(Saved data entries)
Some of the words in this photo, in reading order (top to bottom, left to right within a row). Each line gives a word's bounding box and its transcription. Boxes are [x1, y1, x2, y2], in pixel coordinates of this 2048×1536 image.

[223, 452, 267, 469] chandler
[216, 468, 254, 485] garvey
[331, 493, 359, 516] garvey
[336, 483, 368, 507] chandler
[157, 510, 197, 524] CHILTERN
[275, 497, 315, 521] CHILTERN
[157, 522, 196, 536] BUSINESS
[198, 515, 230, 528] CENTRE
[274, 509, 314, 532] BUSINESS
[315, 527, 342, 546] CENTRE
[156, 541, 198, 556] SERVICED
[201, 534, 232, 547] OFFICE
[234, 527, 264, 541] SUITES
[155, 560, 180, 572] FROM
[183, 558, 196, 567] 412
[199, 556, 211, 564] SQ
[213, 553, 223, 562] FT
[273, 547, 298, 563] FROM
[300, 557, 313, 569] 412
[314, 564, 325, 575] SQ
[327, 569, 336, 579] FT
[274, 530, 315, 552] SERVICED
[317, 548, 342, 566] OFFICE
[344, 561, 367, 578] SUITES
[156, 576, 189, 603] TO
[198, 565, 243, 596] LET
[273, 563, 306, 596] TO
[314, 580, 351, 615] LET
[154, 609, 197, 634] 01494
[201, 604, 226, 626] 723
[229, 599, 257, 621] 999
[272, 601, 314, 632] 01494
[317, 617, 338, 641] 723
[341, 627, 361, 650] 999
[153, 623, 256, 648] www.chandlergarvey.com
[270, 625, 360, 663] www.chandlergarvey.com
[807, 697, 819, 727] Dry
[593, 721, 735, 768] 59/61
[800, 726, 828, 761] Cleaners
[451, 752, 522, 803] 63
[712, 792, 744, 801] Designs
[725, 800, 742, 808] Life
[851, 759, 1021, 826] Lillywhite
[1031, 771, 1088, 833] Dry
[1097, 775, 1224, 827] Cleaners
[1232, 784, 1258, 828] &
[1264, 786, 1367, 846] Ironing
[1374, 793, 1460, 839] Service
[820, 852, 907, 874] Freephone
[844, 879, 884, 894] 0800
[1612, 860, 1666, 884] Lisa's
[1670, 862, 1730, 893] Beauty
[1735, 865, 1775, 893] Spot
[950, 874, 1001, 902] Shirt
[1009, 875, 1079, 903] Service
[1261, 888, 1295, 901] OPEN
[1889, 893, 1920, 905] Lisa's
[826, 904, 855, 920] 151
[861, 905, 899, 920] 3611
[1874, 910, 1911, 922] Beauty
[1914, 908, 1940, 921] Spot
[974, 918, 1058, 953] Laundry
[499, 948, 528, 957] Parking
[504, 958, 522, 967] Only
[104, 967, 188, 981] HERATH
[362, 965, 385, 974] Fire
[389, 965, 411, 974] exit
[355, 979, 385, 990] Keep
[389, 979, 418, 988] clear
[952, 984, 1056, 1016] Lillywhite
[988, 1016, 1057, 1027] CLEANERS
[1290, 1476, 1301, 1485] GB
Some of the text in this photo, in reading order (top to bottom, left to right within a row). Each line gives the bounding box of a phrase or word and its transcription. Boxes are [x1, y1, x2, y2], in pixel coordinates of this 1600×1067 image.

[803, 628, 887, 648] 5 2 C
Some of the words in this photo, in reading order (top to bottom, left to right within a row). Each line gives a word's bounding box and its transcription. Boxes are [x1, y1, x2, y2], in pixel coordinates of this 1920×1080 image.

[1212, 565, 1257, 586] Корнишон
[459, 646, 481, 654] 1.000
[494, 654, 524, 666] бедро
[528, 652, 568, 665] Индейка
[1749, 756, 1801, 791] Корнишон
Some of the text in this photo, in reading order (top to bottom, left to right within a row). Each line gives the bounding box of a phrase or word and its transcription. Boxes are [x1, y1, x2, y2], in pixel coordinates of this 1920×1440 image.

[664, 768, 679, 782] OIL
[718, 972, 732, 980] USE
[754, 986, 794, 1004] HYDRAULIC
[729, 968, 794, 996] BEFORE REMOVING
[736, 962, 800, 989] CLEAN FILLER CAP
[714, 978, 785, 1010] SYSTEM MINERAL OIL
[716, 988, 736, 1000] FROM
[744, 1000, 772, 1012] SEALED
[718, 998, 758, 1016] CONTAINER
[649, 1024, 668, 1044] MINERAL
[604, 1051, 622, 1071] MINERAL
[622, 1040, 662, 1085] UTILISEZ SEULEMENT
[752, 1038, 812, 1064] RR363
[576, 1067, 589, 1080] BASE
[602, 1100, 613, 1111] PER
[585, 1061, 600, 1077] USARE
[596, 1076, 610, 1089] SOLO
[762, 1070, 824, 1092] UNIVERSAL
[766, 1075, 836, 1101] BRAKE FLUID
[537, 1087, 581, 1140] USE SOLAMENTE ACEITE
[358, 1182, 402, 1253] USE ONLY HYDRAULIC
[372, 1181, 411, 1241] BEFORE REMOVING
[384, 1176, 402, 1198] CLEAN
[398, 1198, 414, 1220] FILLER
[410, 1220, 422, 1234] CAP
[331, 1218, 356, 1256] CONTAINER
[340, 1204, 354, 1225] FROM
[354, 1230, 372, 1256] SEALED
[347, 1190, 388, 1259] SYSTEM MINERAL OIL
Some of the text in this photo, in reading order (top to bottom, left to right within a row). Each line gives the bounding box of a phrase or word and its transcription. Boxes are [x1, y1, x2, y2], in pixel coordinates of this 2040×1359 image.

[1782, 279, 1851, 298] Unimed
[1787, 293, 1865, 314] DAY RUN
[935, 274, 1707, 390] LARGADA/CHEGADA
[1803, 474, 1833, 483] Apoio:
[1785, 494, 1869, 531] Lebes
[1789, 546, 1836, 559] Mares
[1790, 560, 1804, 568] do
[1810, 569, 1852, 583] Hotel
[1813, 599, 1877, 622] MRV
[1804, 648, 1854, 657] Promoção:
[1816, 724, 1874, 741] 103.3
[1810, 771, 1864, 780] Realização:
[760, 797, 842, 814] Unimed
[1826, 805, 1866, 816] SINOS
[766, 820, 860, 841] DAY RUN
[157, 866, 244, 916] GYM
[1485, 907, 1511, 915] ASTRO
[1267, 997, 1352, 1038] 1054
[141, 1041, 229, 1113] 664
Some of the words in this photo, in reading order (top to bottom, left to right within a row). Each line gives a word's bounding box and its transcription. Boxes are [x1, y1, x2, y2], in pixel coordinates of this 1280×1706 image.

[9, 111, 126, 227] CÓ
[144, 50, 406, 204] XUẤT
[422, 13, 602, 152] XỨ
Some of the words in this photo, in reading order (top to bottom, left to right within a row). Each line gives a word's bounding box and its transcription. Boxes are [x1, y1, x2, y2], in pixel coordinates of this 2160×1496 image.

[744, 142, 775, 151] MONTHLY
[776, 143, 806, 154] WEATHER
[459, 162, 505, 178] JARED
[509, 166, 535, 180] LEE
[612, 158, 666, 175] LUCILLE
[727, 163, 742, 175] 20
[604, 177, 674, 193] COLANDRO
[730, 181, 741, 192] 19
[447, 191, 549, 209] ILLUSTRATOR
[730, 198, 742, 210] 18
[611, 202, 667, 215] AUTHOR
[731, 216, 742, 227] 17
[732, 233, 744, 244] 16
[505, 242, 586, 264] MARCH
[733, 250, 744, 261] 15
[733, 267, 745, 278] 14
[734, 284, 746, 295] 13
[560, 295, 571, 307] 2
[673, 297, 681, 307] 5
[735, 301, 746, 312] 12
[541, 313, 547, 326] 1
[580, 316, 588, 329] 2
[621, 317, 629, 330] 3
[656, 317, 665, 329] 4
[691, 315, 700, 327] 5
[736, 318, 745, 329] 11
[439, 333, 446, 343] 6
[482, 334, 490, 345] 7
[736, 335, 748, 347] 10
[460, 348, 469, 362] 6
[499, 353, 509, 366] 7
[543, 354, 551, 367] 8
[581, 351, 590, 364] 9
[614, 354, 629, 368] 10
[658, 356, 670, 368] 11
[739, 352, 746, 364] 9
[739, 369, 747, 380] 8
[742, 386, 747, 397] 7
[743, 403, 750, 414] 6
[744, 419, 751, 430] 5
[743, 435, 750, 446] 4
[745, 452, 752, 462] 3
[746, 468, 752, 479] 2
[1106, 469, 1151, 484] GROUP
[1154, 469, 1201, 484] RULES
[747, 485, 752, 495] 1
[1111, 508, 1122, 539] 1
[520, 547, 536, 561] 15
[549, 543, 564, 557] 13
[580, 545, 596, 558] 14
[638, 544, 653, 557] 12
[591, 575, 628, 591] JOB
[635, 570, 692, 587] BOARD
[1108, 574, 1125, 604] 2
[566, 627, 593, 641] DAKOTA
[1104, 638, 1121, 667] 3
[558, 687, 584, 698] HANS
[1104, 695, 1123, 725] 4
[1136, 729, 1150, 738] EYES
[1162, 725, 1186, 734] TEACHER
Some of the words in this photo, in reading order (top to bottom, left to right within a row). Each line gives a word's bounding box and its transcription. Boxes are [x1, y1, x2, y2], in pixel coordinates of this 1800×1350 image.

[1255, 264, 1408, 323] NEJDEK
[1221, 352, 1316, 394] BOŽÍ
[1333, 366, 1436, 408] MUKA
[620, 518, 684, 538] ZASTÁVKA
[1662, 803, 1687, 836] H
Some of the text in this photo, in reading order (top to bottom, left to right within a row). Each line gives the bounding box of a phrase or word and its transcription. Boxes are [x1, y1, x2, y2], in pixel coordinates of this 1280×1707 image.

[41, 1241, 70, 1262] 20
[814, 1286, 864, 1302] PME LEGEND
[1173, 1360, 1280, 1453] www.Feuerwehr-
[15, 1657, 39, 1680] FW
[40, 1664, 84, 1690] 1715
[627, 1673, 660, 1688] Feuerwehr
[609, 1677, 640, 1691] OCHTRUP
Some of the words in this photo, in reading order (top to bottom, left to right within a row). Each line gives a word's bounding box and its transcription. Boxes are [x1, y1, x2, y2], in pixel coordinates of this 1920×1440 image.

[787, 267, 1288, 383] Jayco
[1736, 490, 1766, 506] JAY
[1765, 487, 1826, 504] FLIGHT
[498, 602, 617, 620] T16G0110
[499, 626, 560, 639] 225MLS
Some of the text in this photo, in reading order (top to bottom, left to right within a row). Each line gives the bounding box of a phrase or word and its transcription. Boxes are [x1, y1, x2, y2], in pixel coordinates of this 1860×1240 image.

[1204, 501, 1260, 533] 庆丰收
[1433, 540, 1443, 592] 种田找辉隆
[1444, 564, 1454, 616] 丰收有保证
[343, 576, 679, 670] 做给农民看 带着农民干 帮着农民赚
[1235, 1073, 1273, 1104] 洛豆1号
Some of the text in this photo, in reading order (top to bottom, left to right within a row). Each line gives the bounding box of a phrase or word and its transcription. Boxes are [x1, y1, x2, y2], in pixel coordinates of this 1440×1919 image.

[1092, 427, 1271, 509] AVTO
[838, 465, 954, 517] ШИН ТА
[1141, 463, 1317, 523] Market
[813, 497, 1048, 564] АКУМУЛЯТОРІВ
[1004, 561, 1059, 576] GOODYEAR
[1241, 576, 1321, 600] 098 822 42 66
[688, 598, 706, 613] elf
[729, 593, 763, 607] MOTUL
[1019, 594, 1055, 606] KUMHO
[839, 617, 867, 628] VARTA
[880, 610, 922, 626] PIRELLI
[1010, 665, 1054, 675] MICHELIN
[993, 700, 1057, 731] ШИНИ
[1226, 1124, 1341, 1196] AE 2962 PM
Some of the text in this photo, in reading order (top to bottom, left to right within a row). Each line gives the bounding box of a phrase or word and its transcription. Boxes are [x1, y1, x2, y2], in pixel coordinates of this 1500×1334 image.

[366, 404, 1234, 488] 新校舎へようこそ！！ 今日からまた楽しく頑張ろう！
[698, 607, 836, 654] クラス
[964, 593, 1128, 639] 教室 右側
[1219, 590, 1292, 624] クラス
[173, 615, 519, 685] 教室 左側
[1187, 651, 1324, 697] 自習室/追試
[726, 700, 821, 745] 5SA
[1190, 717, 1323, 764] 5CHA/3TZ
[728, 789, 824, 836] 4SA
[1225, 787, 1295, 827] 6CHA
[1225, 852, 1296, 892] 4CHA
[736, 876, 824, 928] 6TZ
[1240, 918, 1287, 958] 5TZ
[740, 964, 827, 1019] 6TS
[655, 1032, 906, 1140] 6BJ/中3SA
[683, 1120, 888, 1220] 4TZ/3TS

### Aim of the exercise
Answer with the exact lines running from the one that contains "this 1500×1334 image." through the last line of the data. Include no other line.

### Result
Some of the text in this photo, in reading order (top to bottom, left to right within a row). Each line gives the bounding box of a phrase or word and its transcription. Boxes are [x1, y1, x2, y2], in pixel coordinates of this 1500×1334 image.

[366, 404, 1234, 488] 新校舎へようこそ！！ 今日からまた楽しく頑張ろう！
[698, 607, 836, 654] クラス
[964, 593, 1128, 639] 教室 右側
[1219, 590, 1292, 624] クラス
[173, 615, 519, 685] 教室 左側
[1187, 651, 1324, 697] 自習室/追試
[726, 700, 821, 745] 5SA
[1190, 717, 1323, 764] 5CHA/3TZ
[728, 789, 824, 836] 4SA
[1225, 787, 1295, 827] 6CHA
[1225, 852, 1296, 892] 4CHA
[736, 876, 824, 928] 6TZ
[1240, 918, 1287, 958] 5TZ
[740, 964, 827, 1019] 6TS
[655, 1032, 906, 1140] 6BJ/中3SA
[683, 1120, 888, 1220] 4TZ/3TS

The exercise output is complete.